Zelis Healthcare - Gainesville, FL
posted 2 months ago
Zelis is seeking an experienced Application Security Engineer to join our team, focusing on the security of corporate applications. This role is pivotal in collaborating with application development teams to ensure that security is integrated into every aspect of the application lifecycle. The Application Security Engineer will be responsible for identifying application assets, understanding data flows, assessing potential threats, and implementing necessary cybersecurity controls. You will work closely with Application Security Testers to evaluate the effectiveness of these controls, ensuring that our applications are resilient against security vulnerabilities. In this position, you will partner with corporate stakeholders to comprehend regulatory, industry, and organizational security requirements.
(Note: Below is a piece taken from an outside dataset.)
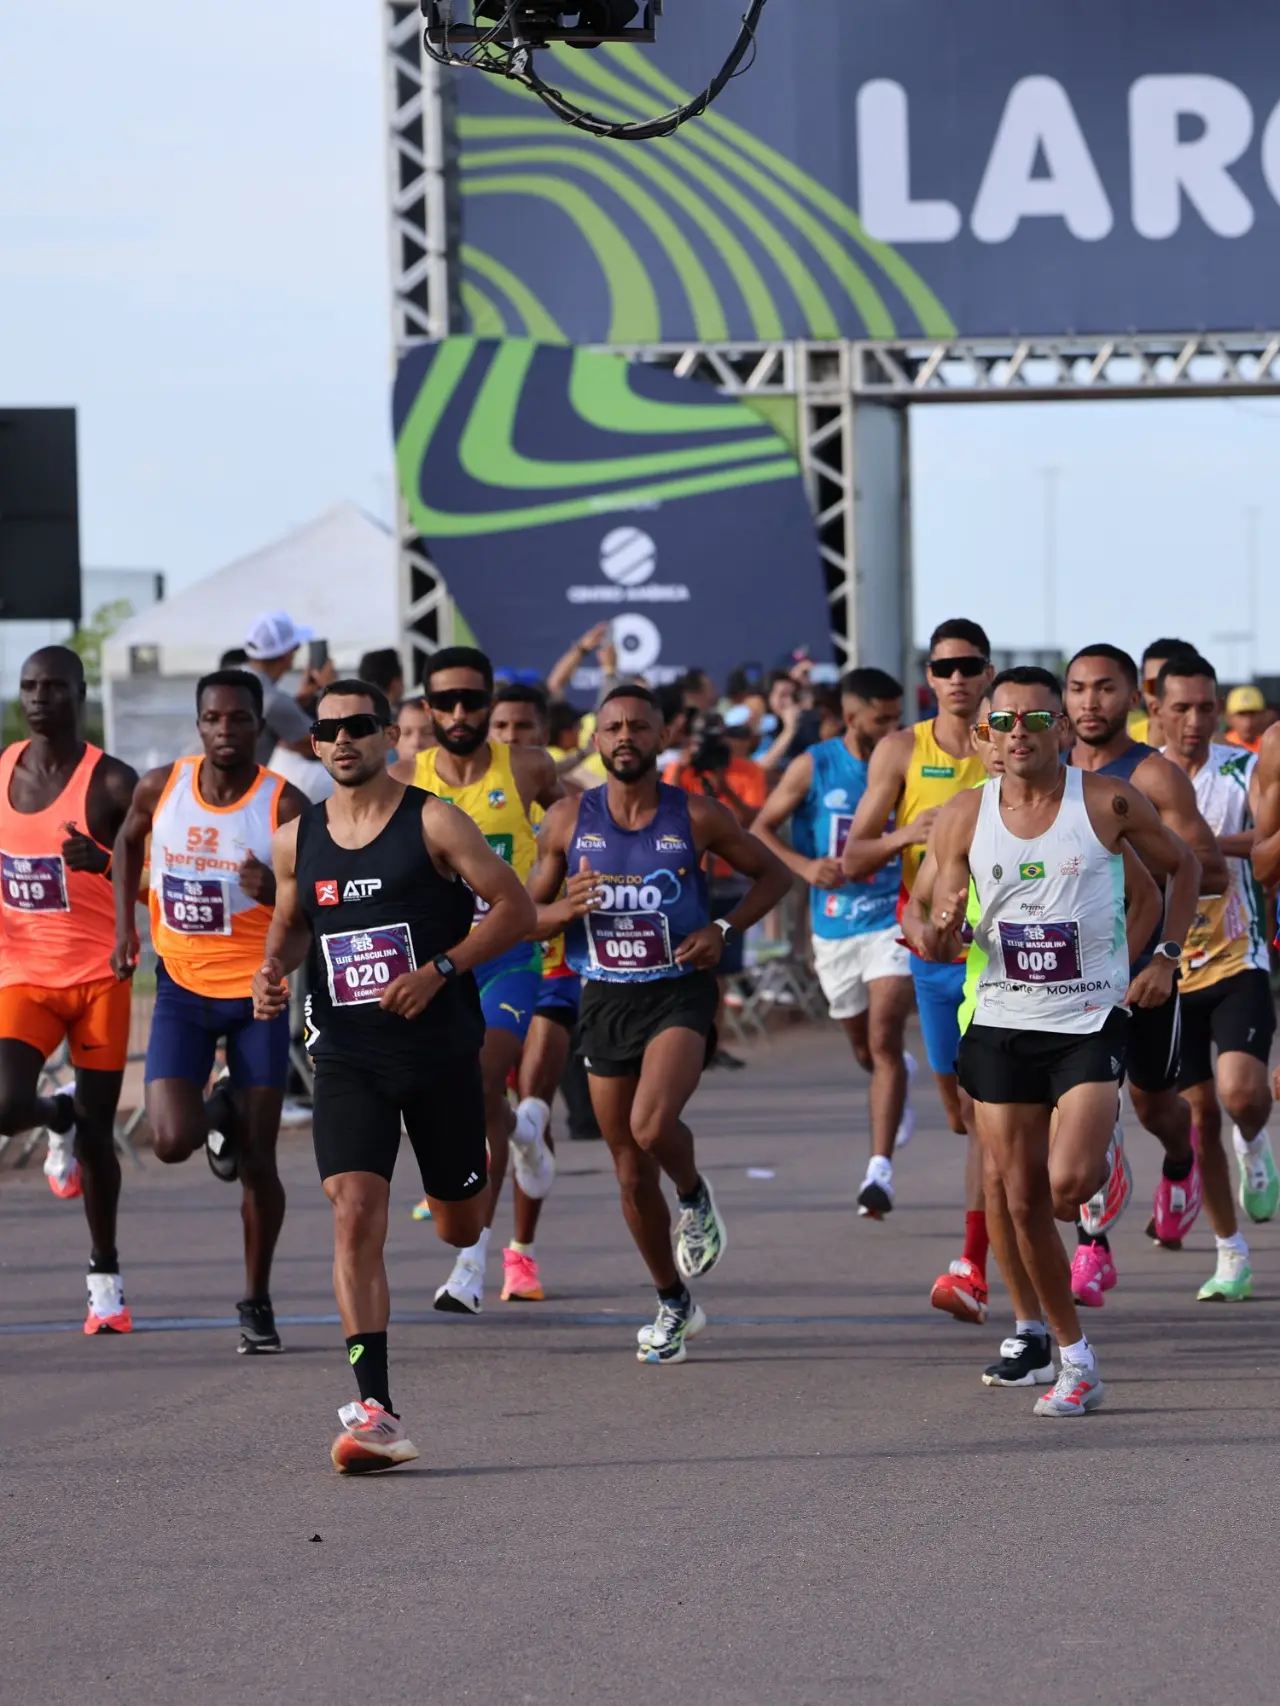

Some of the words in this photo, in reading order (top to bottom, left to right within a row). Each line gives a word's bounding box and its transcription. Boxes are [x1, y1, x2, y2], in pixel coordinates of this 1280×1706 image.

You will provide security requirements along with acceptance criteria to application development teams, utilizing both Agile and Waterfall methodologies. Conducting threat modeling exercises will be a key responsibility, allowing you to identify potential security vulnerabilities in corporate applications. You will analyze application components, data flows, and external dependencies to anticipate and mitigate threats effectively. Your role will also involve reviewing the architecture of software applications to ensure that security is embedded at every layer, including network, infrastructure, and application levels. You will implement security controls and best practices to address identified risks and vulnerabilities, which may include encryption, authentication, access controls, input validation, and other security mechanisms. Performing security code reviews to identify and remediate vulnerabilities in application code will be essential, as will providing guidance and training to development teams on secure coding practices and relevant security tools and technologies. Additionally, you will evaluate and implement security tools and automation solutions to enhance the security posture of applications and streamline security processes.